Лица, посвящённые в тайну, спешили в Эрмитаж на экстренное совещание.
На сей раз в малую гостиную пожаловала и государыня, от воли которой зависел весь исход дела.
Поскольку мне пришлось наскоро подавать к столу лёгкие закуски, кофе, сельтерскую воду и оранжад для её величества (ничто так не разжигает жажду и аппетит, как продолжительные церемониальные шествия), я пропустил начало обсуждения и восстановил его ход уже задним числом, по репликам присутствующих.
Так, например, без меня прошло деликатное объяснение с царицей по поводу сапфирового склаважа. Я застал её величество хоть и сердитой, но уже смирившейся с неизбежным.
— Однако его помазанное величество обещаль мне, что эта вещь будет мне непременно возвращена в целость и сохранность, — строго говорила государыня обер-полицмейстеру Ласовскому, как раз когда я вошёл с подносом.
Из этих слов, а также из того, что полковник Карнович сидел с весьма надутым видом, я заключил, что после вчерашней неудачи руководство операцией передано московской полиции. Здесь же был и Фандорин — надо полагать, в своей функции советника.
Её величество, не имевшая времени переодеться, была в парадном платье белой парчи, сплошь утканном драгоценными камнями, и тяжёлом бриллиантовом ожерелье, великие князья не успели снять звёзд, муаровых орденских лент и андреевских цепей, и от всего этого переливчатого мерцания скромная тесная комната вдруг напомнила мне кладовку, в которой хранятся ёлочные игрушки.

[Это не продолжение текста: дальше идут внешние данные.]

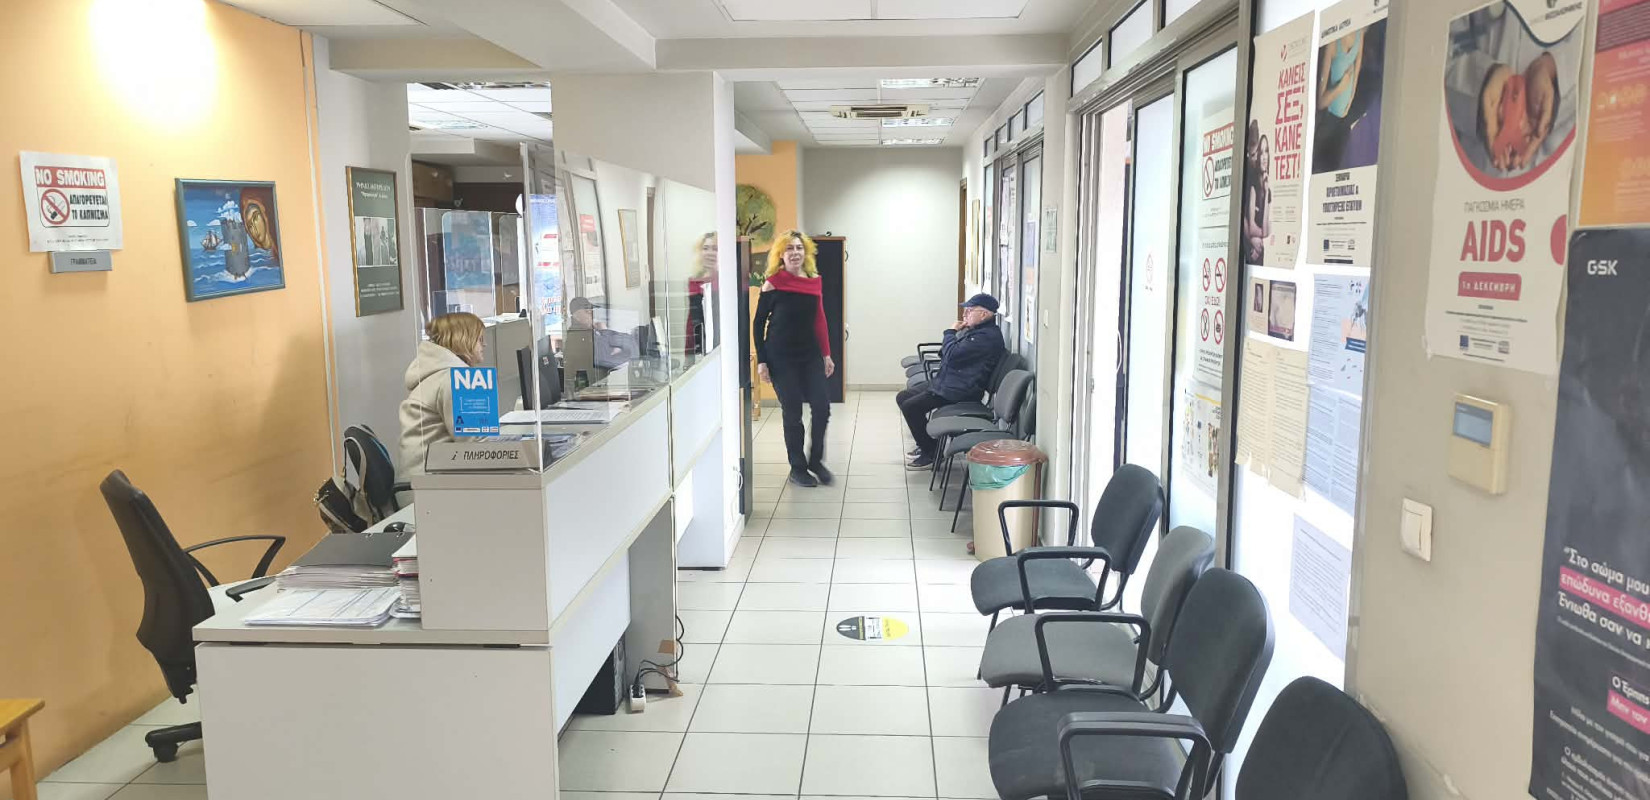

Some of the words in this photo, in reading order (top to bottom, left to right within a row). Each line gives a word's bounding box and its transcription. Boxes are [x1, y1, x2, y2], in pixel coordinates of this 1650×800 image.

[1278, 61, 1305, 90] ΚΑΝΕΙΣ
[1275, 122, 1302, 154] ΚΑΝΕ
[35, 168, 52, 185] NO
[56, 169, 104, 187] SMOKING
[1274, 152, 1301, 180] ΤΕΣΤ!
[69, 194, 108, 206] ΑΠΑΓΟΡΕΥΕΤΑΙ
[72, 209, 78, 220] ΤΟ
[79, 209, 108, 220] ΚΑΠΝΙΣΜΑ
[1460, 218, 1526, 263] AIDS
[1587, 260, 1618, 276] GSK
[453, 369, 493, 390] ΝΑΙ
[463, 450, 519, 461] ΠΛΗΡΟΦΟΡΙΕΣ
[1560, 573, 1610, 604] επώδυνα
[1591, 561, 1624, 584] σώμα
[1626, 577, 1650, 595] μου
[1558, 590, 1597, 623] Ένιωθα
[1599, 616, 1624, 635] σαν
[1626, 628, 1642, 645] να
[1612, 676, 1621, 688] Ο

— Ручаюсь головой, ваше императорское величество, — браво отрапортовал Ласовский. — И сапфиры никуда не денутся, и Михаила Георгиевича освободим, и всю шайку зацапаем. — Он азартно потёр руки, и от этого вульгарного жеста Александра Феодоровна слегка наморщила нос. — Всё пройдёт в наилучшем виде, потому что на сей раз этот мерзавец Линд сам себе расставил ловушку. Позвольте, я разъясню — у меня уж и план составлен.

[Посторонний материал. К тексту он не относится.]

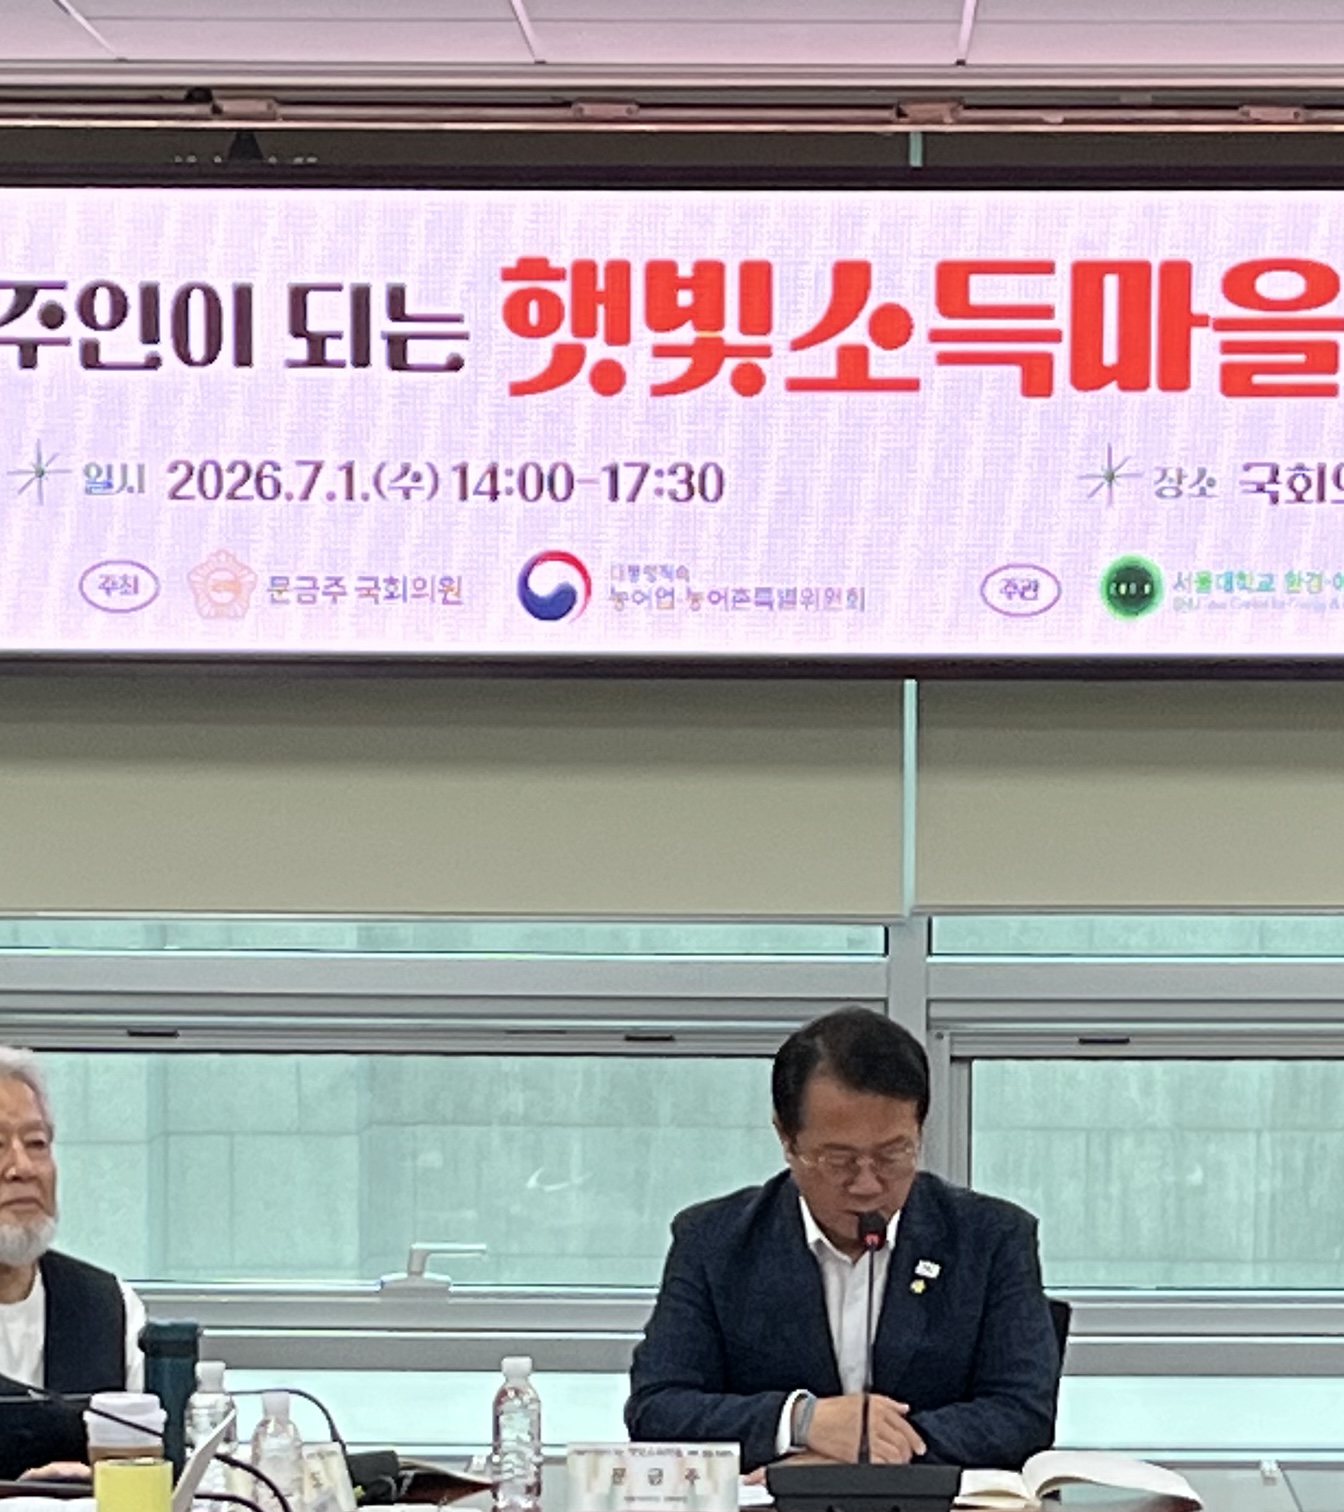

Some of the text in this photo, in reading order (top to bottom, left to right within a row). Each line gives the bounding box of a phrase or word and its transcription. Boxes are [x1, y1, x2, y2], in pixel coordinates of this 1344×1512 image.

[285, 283, 470, 373] 되는
[82, 459, 725, 503] 일시 2026.7.1.(수) 14:00-17:30
[1154, 466, 1217, 500] 장소
[97, 573, 140, 597] 주최
[266, 575, 463, 606] 문금주 국회의원
[1173, 570, 1275, 594] 서울대학교

Он сдвинул рукой со стола все заботливо расставленные мной бокалы и чашки, схватил накрахмаленную салфетку и разложил её посередине.
— Это Арбат и его окрестности, второй Пречистенский участок. Гувернантка выйдет из коляски вот здесь, у Малого Афанасьевского, потом, как бы в нерешительности, помедлит и свернёт сюда, на Большой Афанасьевский, оттуда на Сивцев Вражек, потом…
Он ещё довольно долго перечислял повороты, сверяясь по бумажке. Все внимательно слушали, хотя её величество, судя по брезгливой складке у рта, больше думала о запахе пота, явственно исходившем от распаренного обер-полицмейстера.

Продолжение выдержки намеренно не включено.